Today was very different. The sun never came out, clouds piled up above the city as if they had nowhere else to go, and it was cold and very windy. The day was jinxed. The morning concert for which we had arrived half an hour early because I had misremembered the start time wasn't music to my ears. Afterwards, we lost our tickets in the stalls and thus couldn't benefit from the free sherry that was served at the end.

I had started the day with one or two things on my mind already, and every turn we took, everything we undertook compounded my gloom. I hated myself for it because I was a horrible companion to my mom, retorting to her questions and comments with a sharp tongue devoid of wit and charm. Mr Grumpy was in town, and I didn't have the means for containing him.

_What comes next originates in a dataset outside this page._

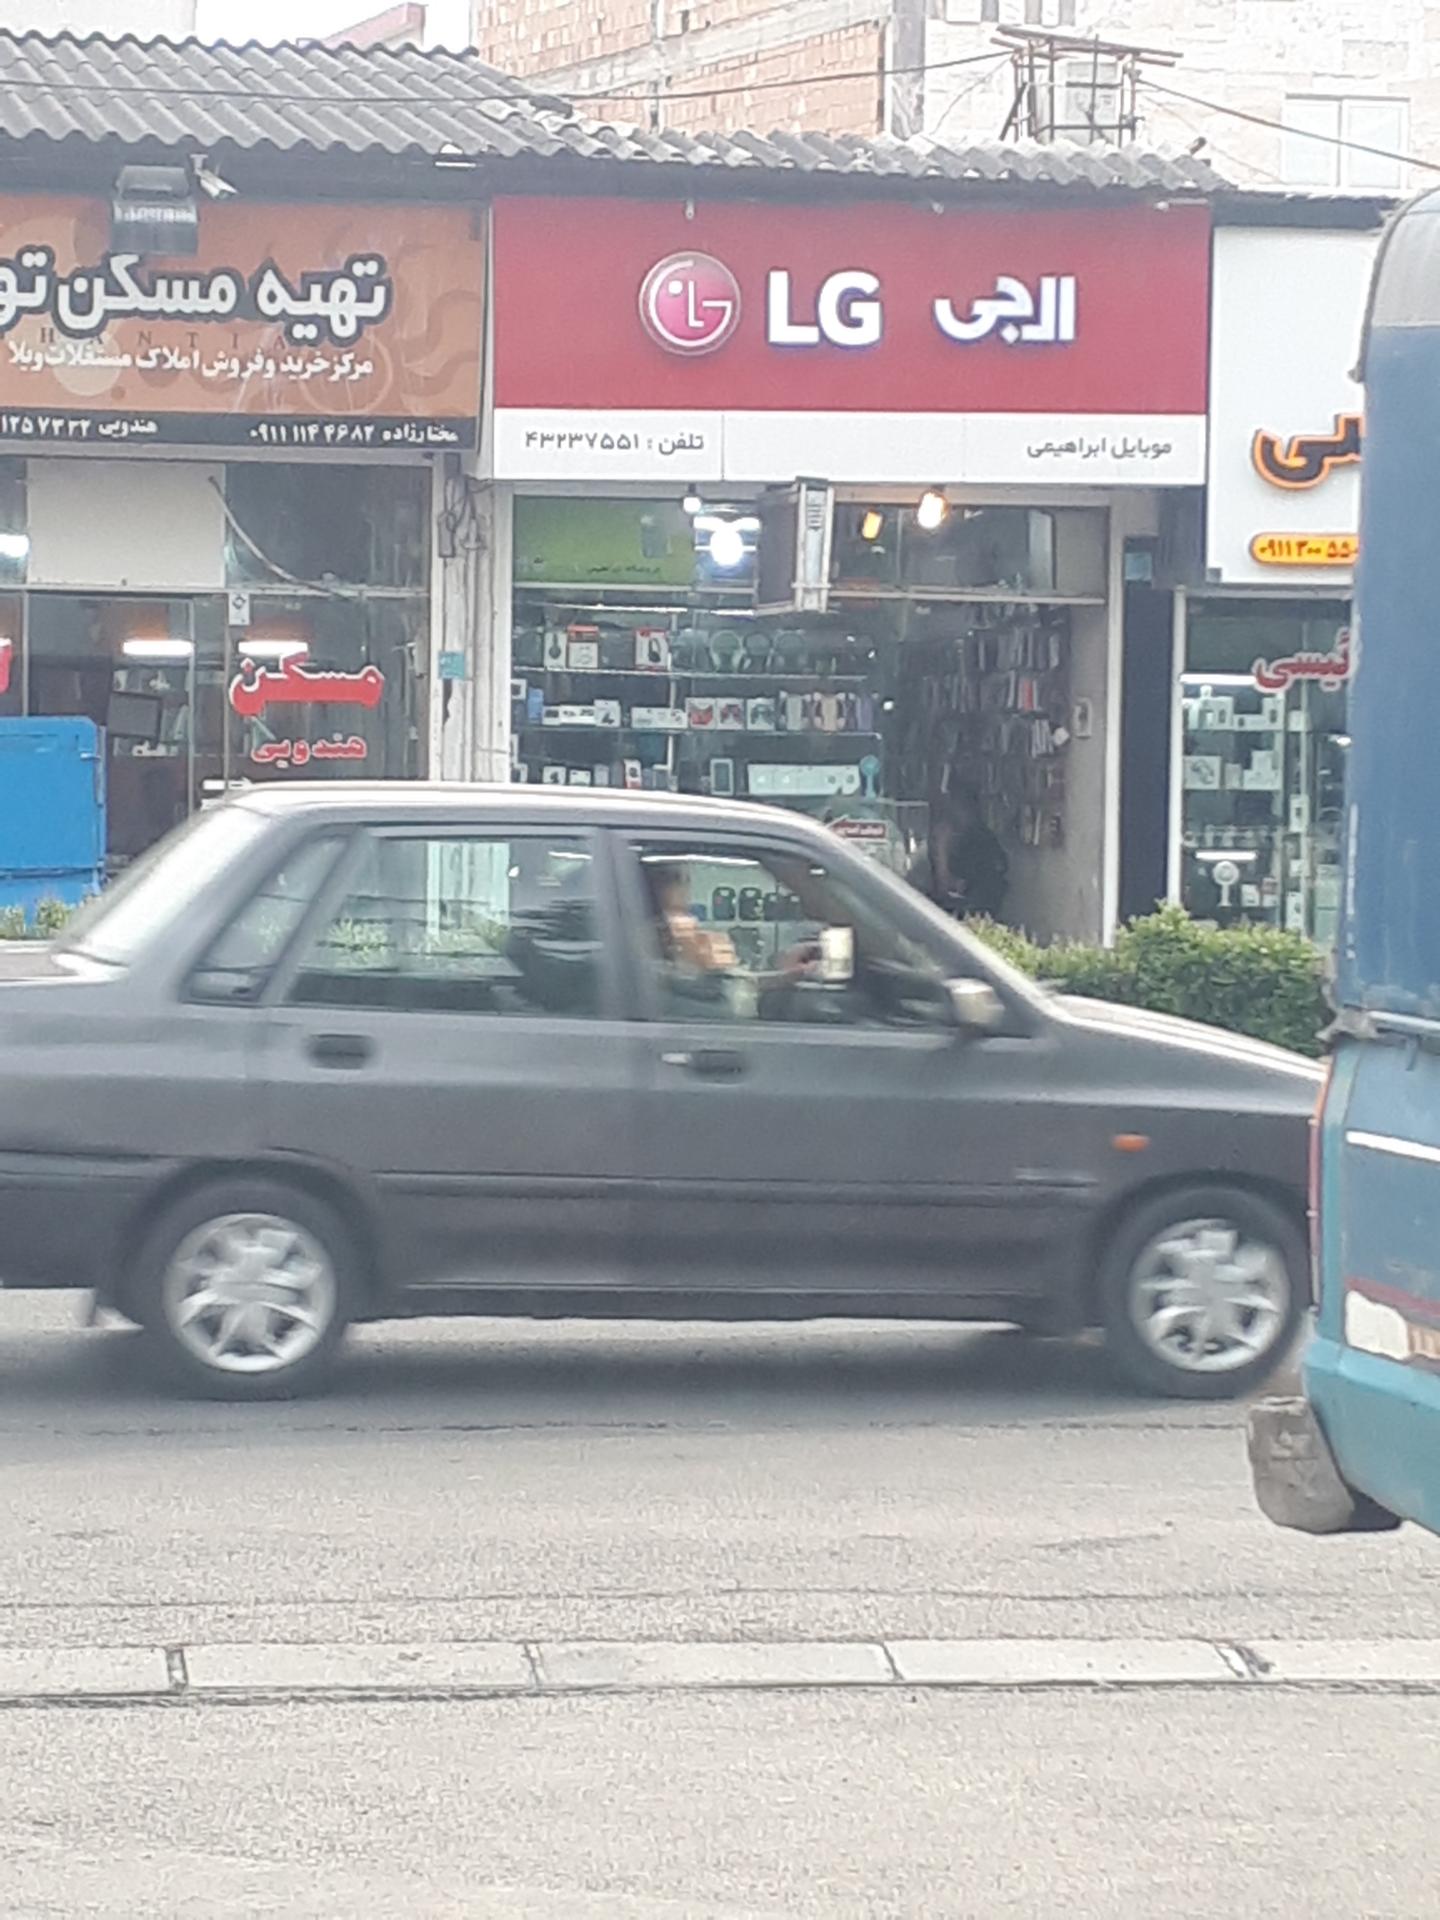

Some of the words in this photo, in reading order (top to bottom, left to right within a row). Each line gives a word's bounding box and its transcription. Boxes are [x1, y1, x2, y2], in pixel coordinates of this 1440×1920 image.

There are quite a few reasons for my dispiritedness, and during the hours spent walking around town, from the public art of Trafalgar Square to the miles of craziness of the Thames Festival, I kept rolling realities and possibilities, options and dead-ends, dreams and restrictions around in my head, and I got nowhere. Curiously, ascending the cathedral of modern art that is the Tate and having tea and a scone triggered an unexpected change of moods. I came to at least one little conclusion, to one decision of immediate impact. It's cliché, but the future happens tomorrow; today is the only day that matters. There was one more concert to go to and a spectacular fireworks display that would gloriously end my mom's forth stay in London. I stashed my worries away in a remote fold of my cortex, not to be retrieved until tomorrow. Finishing the tea, I tried a smile for the first time today, in preparation for the good things yet to come.